As he had a thousand times before, he went through his routine of meticulously putting the rifle together and checking all the calibrations. Satisfied, he set the gun’s bipod on top of the concrete wall and allowed the long rifle barrel to peek out over the ledge. Demir removed his fake glasses and placed his sharp eye to the custom-built scope. He adjusted the rifle through several skyscrapers and found his target. The front of the Four Seasons Hotel was 812 meters away. Through the powerful scope, it seemed more like five feet. He’d hit targets from four times the distance. He could see the wrinkles on the forehead of a black-haired bellman standing just outside the glass doors. It was a cool October evening. Thankfully, there was very little wind tonight. Three miles per hour out of the northeast. It was consistent and not swirling. Near-ideal conditions. The wind was critical for success and was part of his $40 million contract. If there was too much wind, he could walk away and keep $1 million just for showing up. But he refused to leave the other $39 million on the table.

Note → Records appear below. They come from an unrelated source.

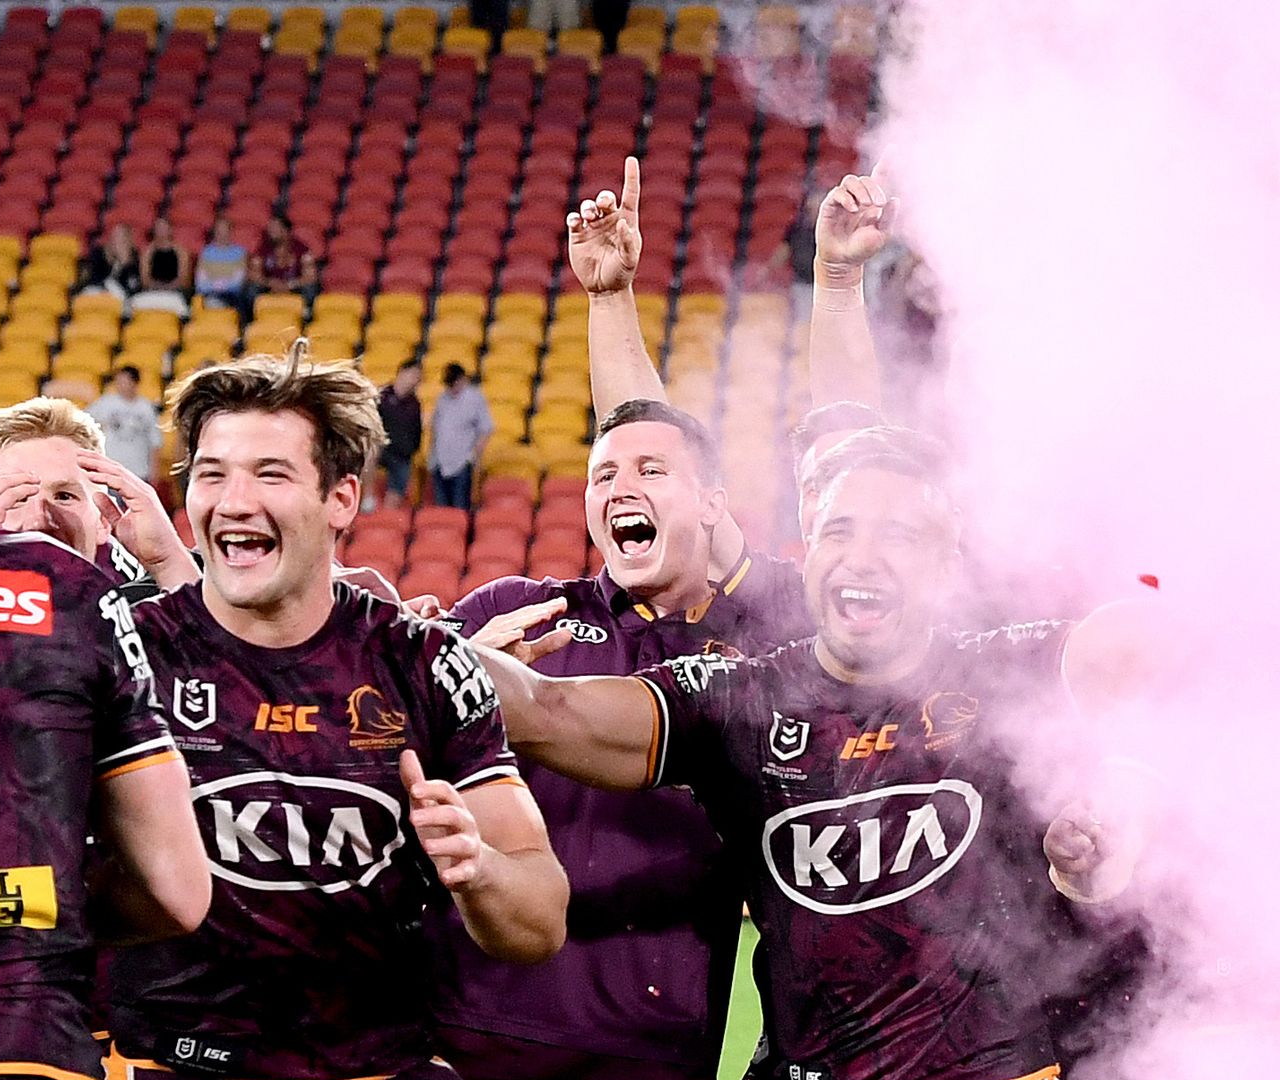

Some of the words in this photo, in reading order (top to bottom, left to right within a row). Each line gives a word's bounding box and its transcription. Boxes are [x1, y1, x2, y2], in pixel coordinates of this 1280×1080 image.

[568, 623, 599, 642] KIA
[254, 703, 320, 733] ISC
[840, 723, 899, 760] ISC
[207, 799, 374, 867] KIA
[790, 803, 949, 888] KIA
[203, 1048, 231, 1062] ISC

Demir felt the tiny disposable cell phone vibrate in his pocket. It was a phone left for him inside the glove box of the UPS truck, only for this mission. Like everything else, it would be destroyed shortly.
He reached down, pulled it out, read the text message.
Two minutes. All is set.
He repositioned himself, eye to scope, and took a few deep breaths. He began focusing on members of the intense security detail surrounding the luxury hotel. Over two dozen men in dark suits, out on sidewalks, steps, parking lots—undoubtedly a mix of FBI and Secret Service. Demir quickly counted at least another eight men with rifles paired with spotters with binoculars on top of surrounding buildings. Secret Service sniper teams. He was certain he was outside their protective bubble.

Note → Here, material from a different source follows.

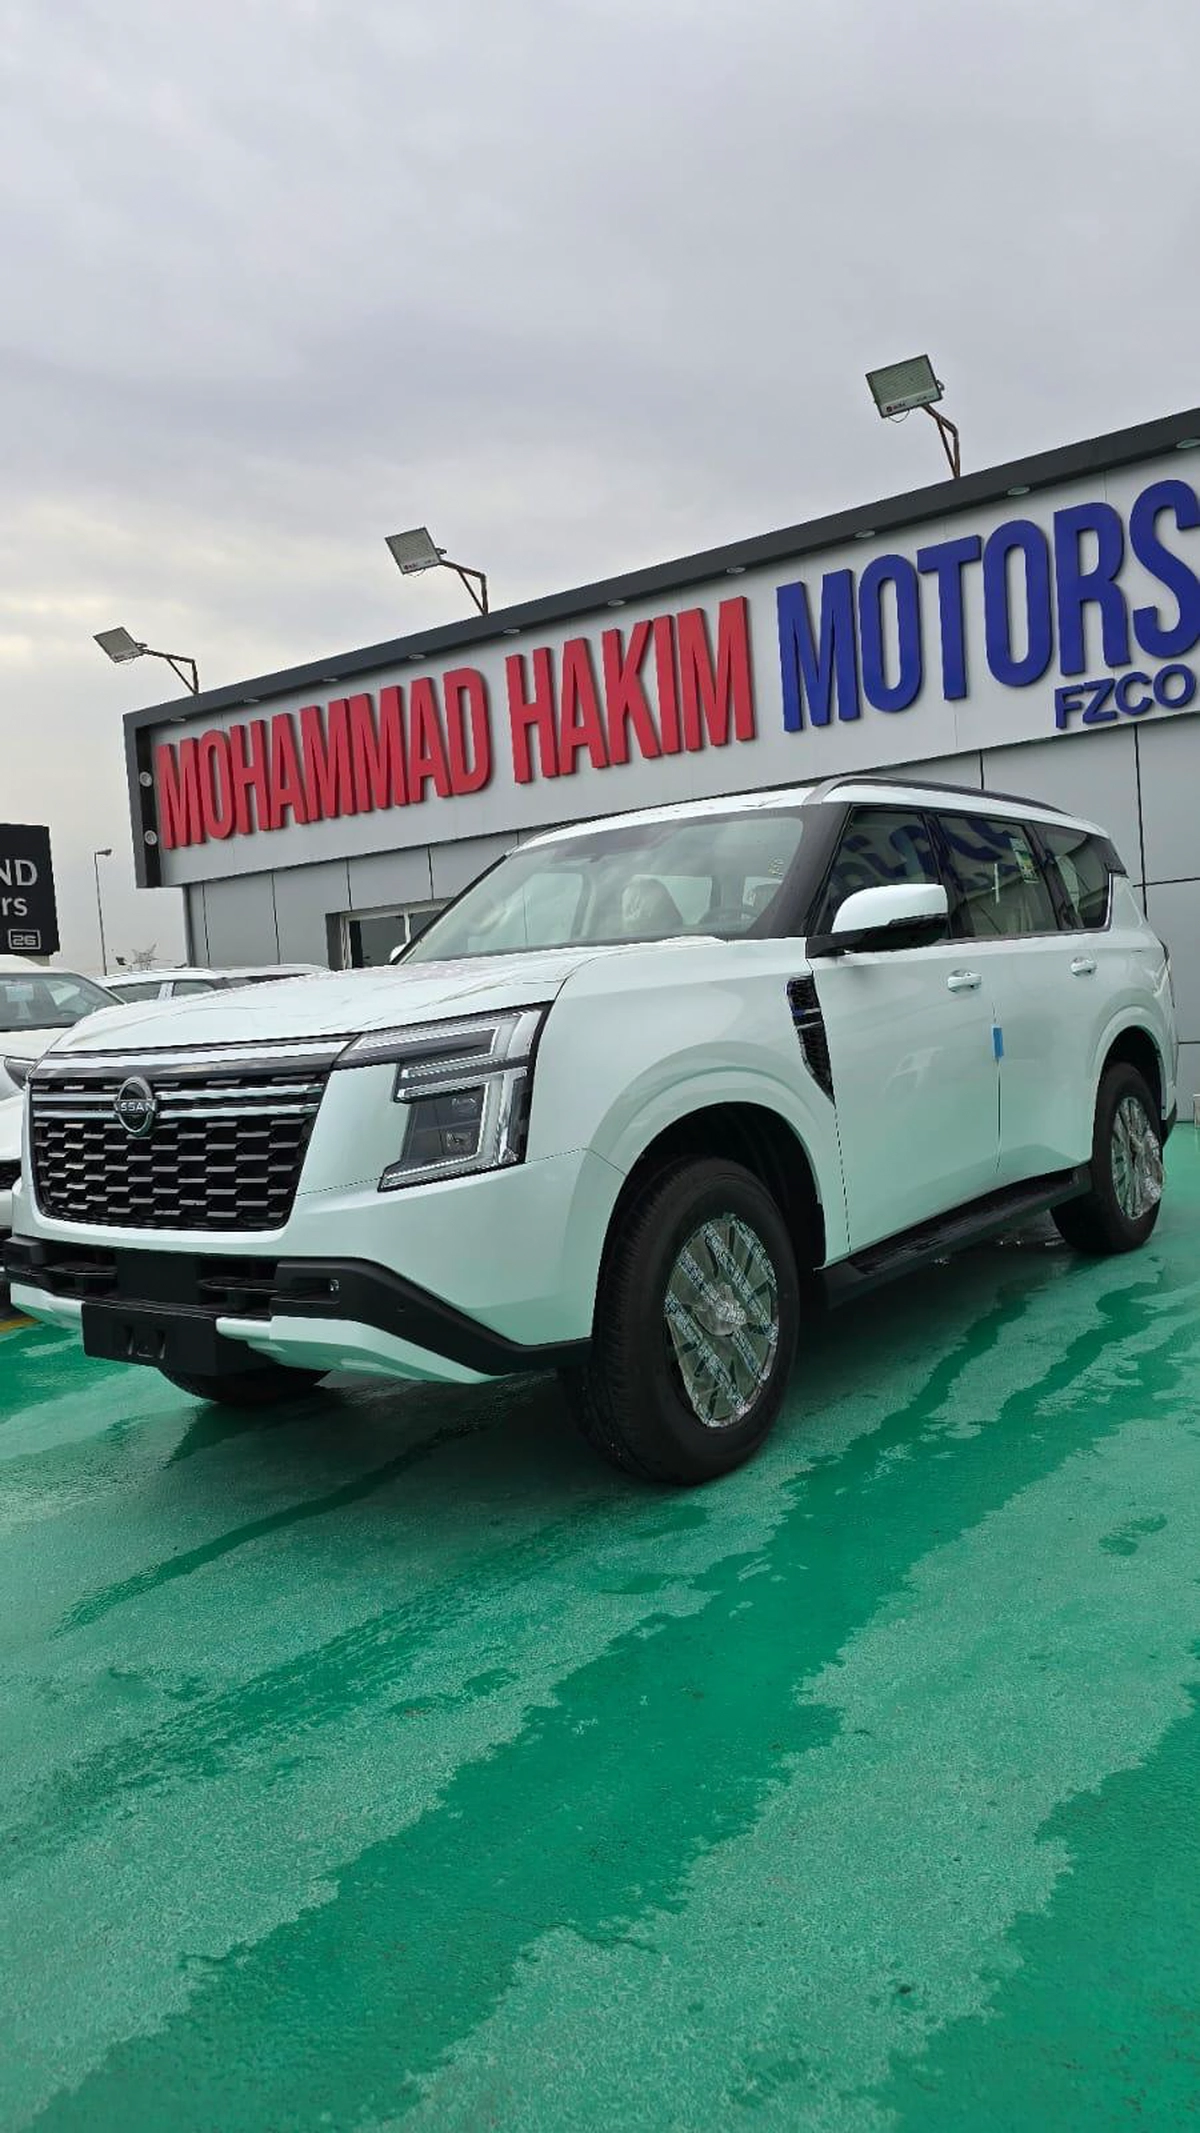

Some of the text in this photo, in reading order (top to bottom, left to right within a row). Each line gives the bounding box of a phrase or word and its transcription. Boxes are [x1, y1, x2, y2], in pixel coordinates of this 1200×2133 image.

[156, 479, 1200, 850] MOHAMMAD HAKIM MOTORS
[1054, 663, 1197, 730] FZCO

A string of black Suburbans suddenly turned off the street and entered the hotel’s circular drive. Four of them in a row. His info told him vehicle number three held his target. The Suburbans began parking directly in front of the hotel. Men in dark suits jumped out on all sides, even more men scrambling into protective positions. A group of them huddled around the doors of the third vehicle, a wall of human bodies, men willing to lay down their lives for their country. Demir would only have a split second to engage. There was zero room for error.

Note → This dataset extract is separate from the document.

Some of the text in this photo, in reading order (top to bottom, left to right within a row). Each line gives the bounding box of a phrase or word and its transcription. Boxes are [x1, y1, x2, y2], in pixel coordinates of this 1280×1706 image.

He reached up and pressed a button on a tiny black box the size of a small battery that was connected to the powerful scope. The entire incident would be recorded. Thanks to technology, the world would soon get to watch his achievement in high-definition detail. This was also part of his contract.
Two men exited the vehicle first.
His finger flinched ever so slightly on the trigger upon spotting the second man. But he stopped. Not yet. Not him.
Then a third man appeared. Stood straight. Glanced to his left. It was him.